«A parte qualche eccezione, le aziende italiane non puntano molto sull’internazionalizzazione» e rispetto a quelle estere tendono a manifestare «una minor disponibilità all’innovazione». Parola di Margherita Dellea, una manager che di innovazione se ne intende anche perchè da 25 anni lavora in un settore in questo senso molto competitivo come quello tecnologico. Da aprile è in IntraLinks come senior director for strategic accounts Southern Europe.
A lei il compito di sviluppare il business in Italia (e nella Penisola Iberica) dell’azienda con quartier generale a New York e 22 uffici nel mondo, fra i principali provider di software as a service, a livello globale. «Pensavo di dover promuovere una start up nel paese, invece Intralinks è già conosciuta da molti clienti» che ne hanno utilizzato i prodotti lavorando su progetti in partnership con realtà internazionali che fanno parte del portfolio aziendale.
La società, solo per citare uno dei dati più rilevanti, lavora con 800 delle imprese della classifica di Fortune 1000. I prodotti e i servizi software per gestire e condividere informazioni, processi aziendali, operazioni finanziarie sono il core business dell’azienda, fondata nel 1997 e che oggi si prepara, come spiega la stessa Dellea, a quotarsi alla Borsa di New York, avendo già inoltrato la relativa richiesta alla Sec.
Margherita Dellea, che in passato fra le altre cose è stata country manager per l’Italia di Salesforce.com e senior director Vodafone Group in Research in Motion, ha scelto ManagerOnline per raccontare strategie e obiettivi in Italia, e non solo.
IntraLink, spiega «è stata fondata nel ’96 da alcuni banchieri» fra cui Arthur Sculley, che veniva da Jp Morgan, e «nel ’97 ha lanciato il primo prodotto, utilizzato da Jp Morgan, Bank of America e Citibank». «Nel 2000 – prosegue – è entrata nel settore farmaceutico, con un software pensato per il processo di sviluppo di nuovi farmaci e per il licensing». Ancora oggi i settori di maggior sviluppo sono il finanziario e il farmaceutico, ma recentemente si è aggiunto il settore dell’energia e delle utilities.

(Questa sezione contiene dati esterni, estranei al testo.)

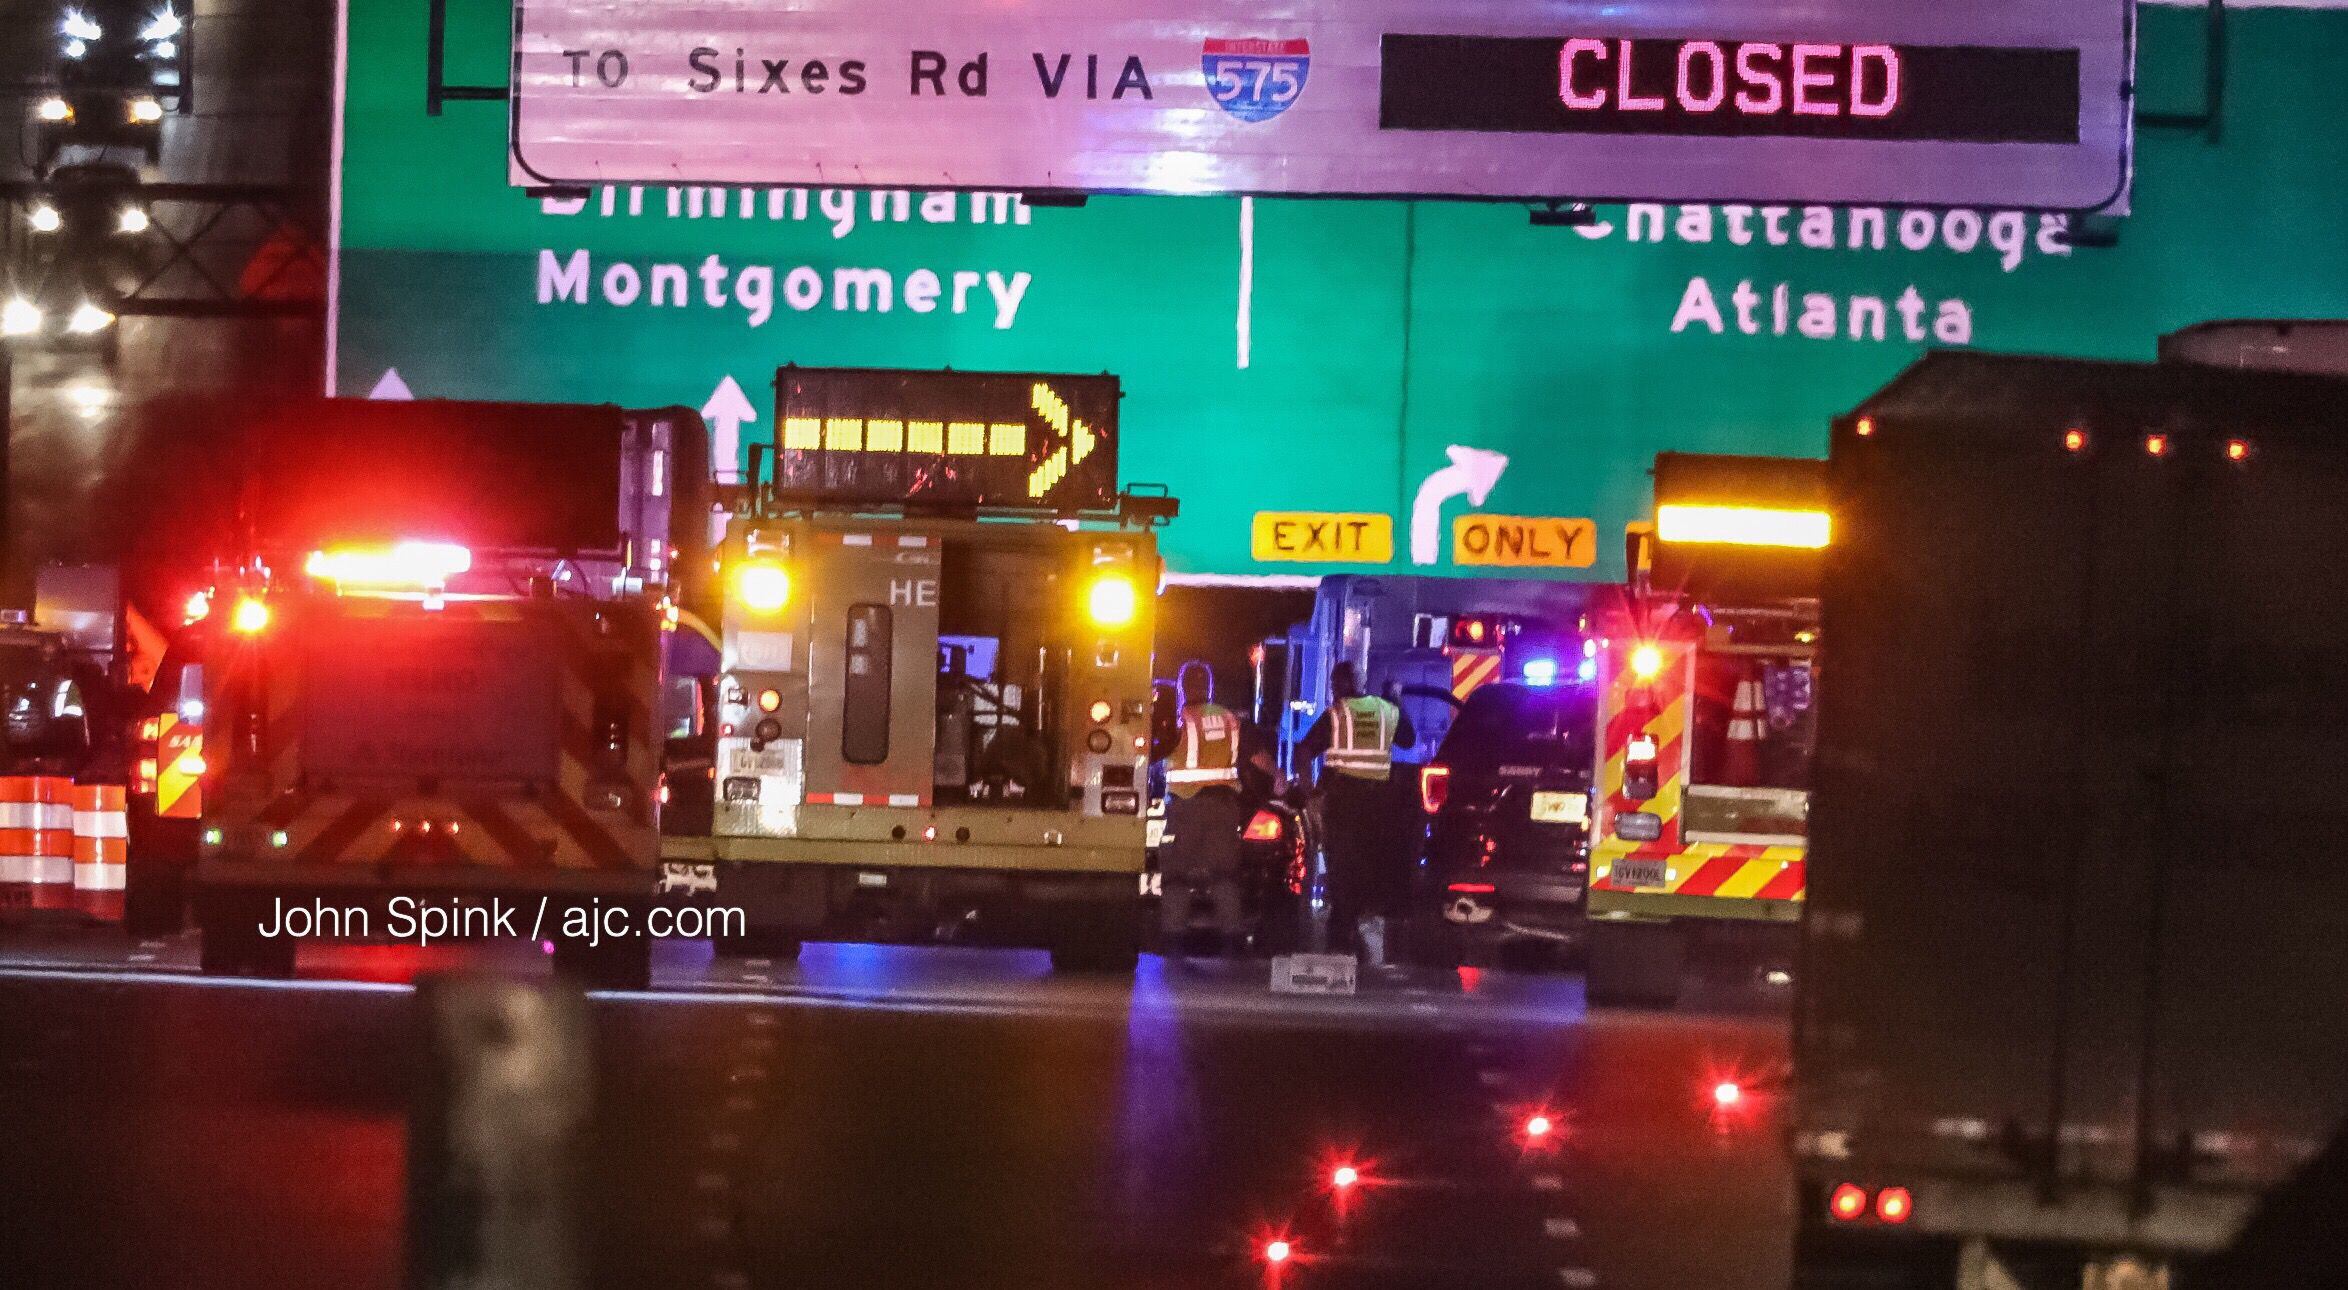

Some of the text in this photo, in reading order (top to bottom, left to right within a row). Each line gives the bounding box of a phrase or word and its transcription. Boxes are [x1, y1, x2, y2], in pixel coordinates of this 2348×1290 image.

[561, 46, 1154, 101] TO Sixes Rd VIA
[1216, 60, 1299, 102] 575
[1558, 37, 1901, 118] CLOSED
[537, 249, 1032, 329] Montgomery
[1670, 276, 1973, 344] Atlanta
[1273, 520, 1369, 552] EXIT
[1463, 523, 1583, 559] ONLY

«Nel 2007 la società è stata acquisita da Ta Associates, attiva nel private equity», un «cambio di gestione che ha imposto nuovi obiettivi» oltre a rinnovare la squadra a tutti i livelli. «Sono tre i nostri target principali, in tutto il mondo: ricavi più prevedibili» (il che comporta cambiamenti sull’offerta ai clienti in termini commerciali, dopo che per anni l’azienda ha puntato su servizi e software relativi magari a operazioni o momenti aziendali specifici), e poi ancora «una maggior copertura internazionale e l’apertura verso nuovi settori, come appunto le utilities ma anche prodotti cross industry» che per esempio possano supportare le attività di gestione di documenti in azienda o le esigenze organizzative del Ceo.

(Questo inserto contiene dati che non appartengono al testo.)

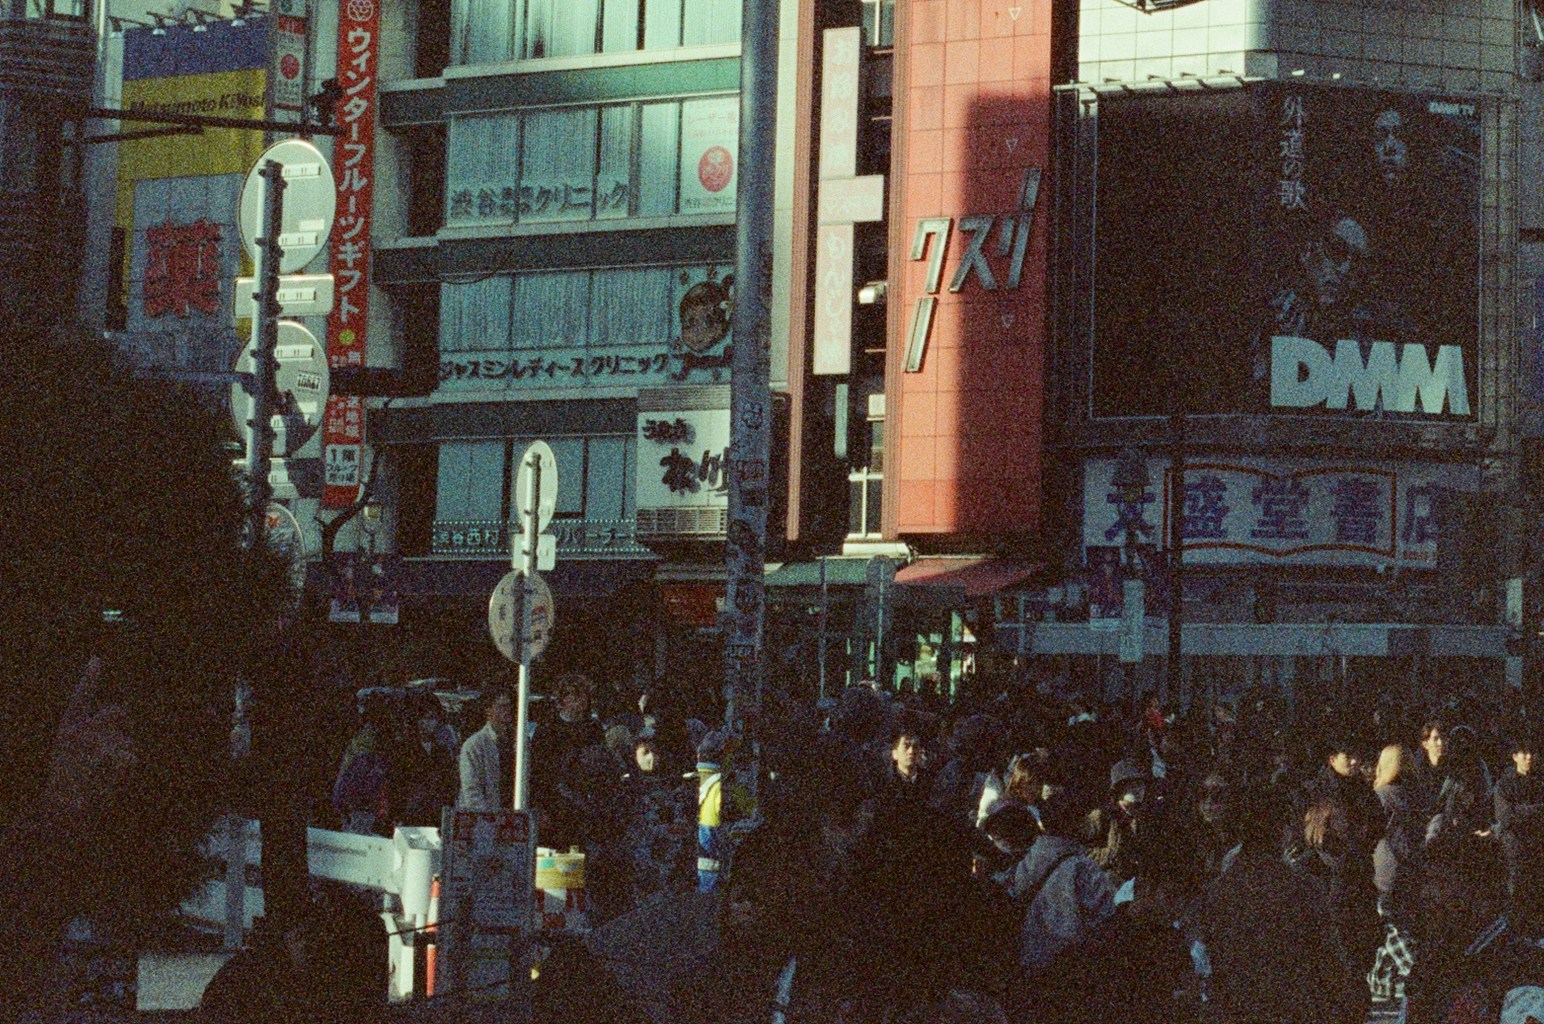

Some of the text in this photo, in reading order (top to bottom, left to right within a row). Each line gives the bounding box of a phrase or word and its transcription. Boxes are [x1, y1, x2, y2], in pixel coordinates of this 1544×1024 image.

[1279, 95, 1309, 211] 外道の歌
[902, 166, 1042, 374] クスリ
[1271, 334, 1471, 417] DMM
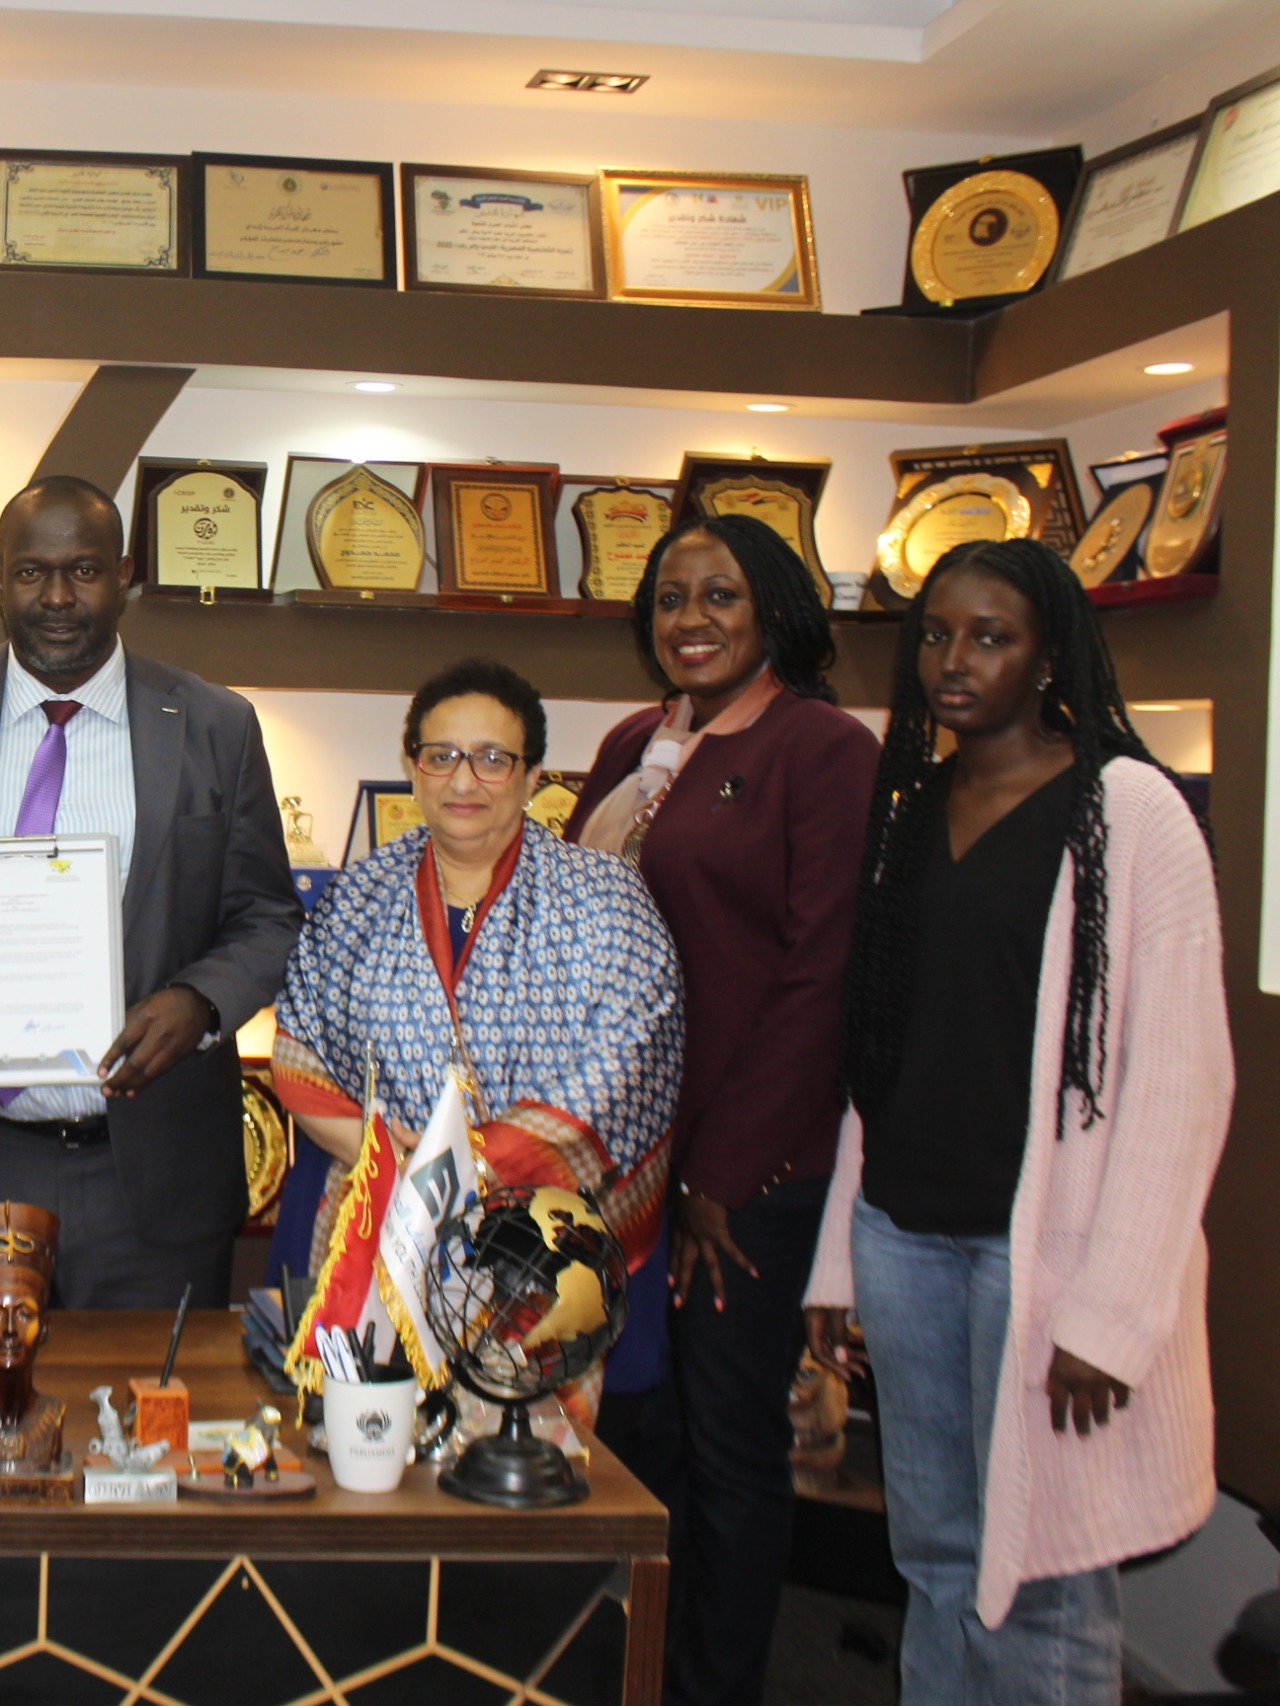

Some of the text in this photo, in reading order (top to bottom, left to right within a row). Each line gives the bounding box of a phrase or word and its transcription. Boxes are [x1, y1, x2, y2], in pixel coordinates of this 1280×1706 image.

[755, 196, 788, 211] VIP
[181, 504, 230, 514] شكر وتقدير

Il primo obiettivo per la neonata attività in Italia è «far conoscere il brand, la copertura dei clienti già acquisiti e l’apertura ai nuovi». L’Italia è un mercato con buone potenzialità di crescita, e con alcune peculiarità. La non sempre sviluppatissima propensione all’innovazione, come già detto, per cui ad esempio «le aziende italiane scelgono una soluzione innovativa dopo che è stata magari già sperimentata da una filiale estera». Un’altra particolarità? «Le dimensioni. Le aziende italiane tendono a restare piccole. Un’industria farmaceutica italiana con 500 dipendenti è grossa, un’analoga società tedesca di dipendenti ne ha 100mila».

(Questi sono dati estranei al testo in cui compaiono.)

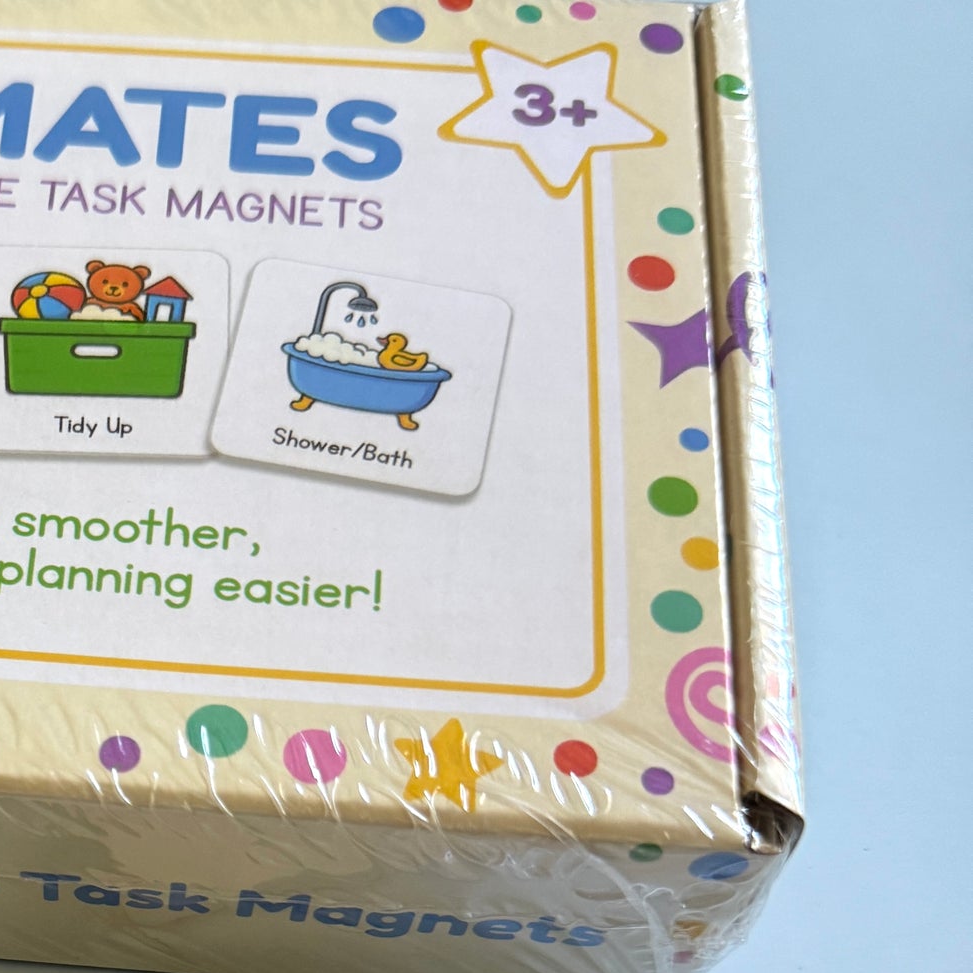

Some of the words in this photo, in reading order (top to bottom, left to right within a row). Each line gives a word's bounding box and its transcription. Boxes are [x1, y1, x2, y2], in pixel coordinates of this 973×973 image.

[512, 83, 598, 128] 3+
[40, 180, 147, 215] TASK
[165, 187, 384, 231] MAGNETS
[54, 415, 98, 440] Tidy
[106, 416, 133, 440] Up
[272, 427, 413, 470] Shower/Bath
[12, 506, 261, 557] smoother,
[213, 569, 382, 612] easier!
[20, 870, 211, 917] Task
[236, 888, 607, 949] Magnets

Trattandosi di una donna manager con esperienza internazionale è quasi d’obbligo una domanda relativa alle eventuali peculiarità italiane nella cultura aziendale al femminile: «ho lavorato anche per aziende americane, e le donne sono poche anche lì. Non direi che è un problema italiano». «Con l’eccezione dei paesi del Nord Europa, dove c’è un ambiente sociale diverso, con l’uomo che anche a casa aiuta di più la donne, che magari prende il permesso di paternità», negli altri paesi del Vecchio Continente e negli Usa, «spesso è la donna che non ha la stessa disponibilità di un uomo» anche perchè si fa carico di una serie di altri impegni relativi alla vita privata e familiare. Certo, aggiunge, «io mi auguro che le donne manager possano essere sempre più numerose».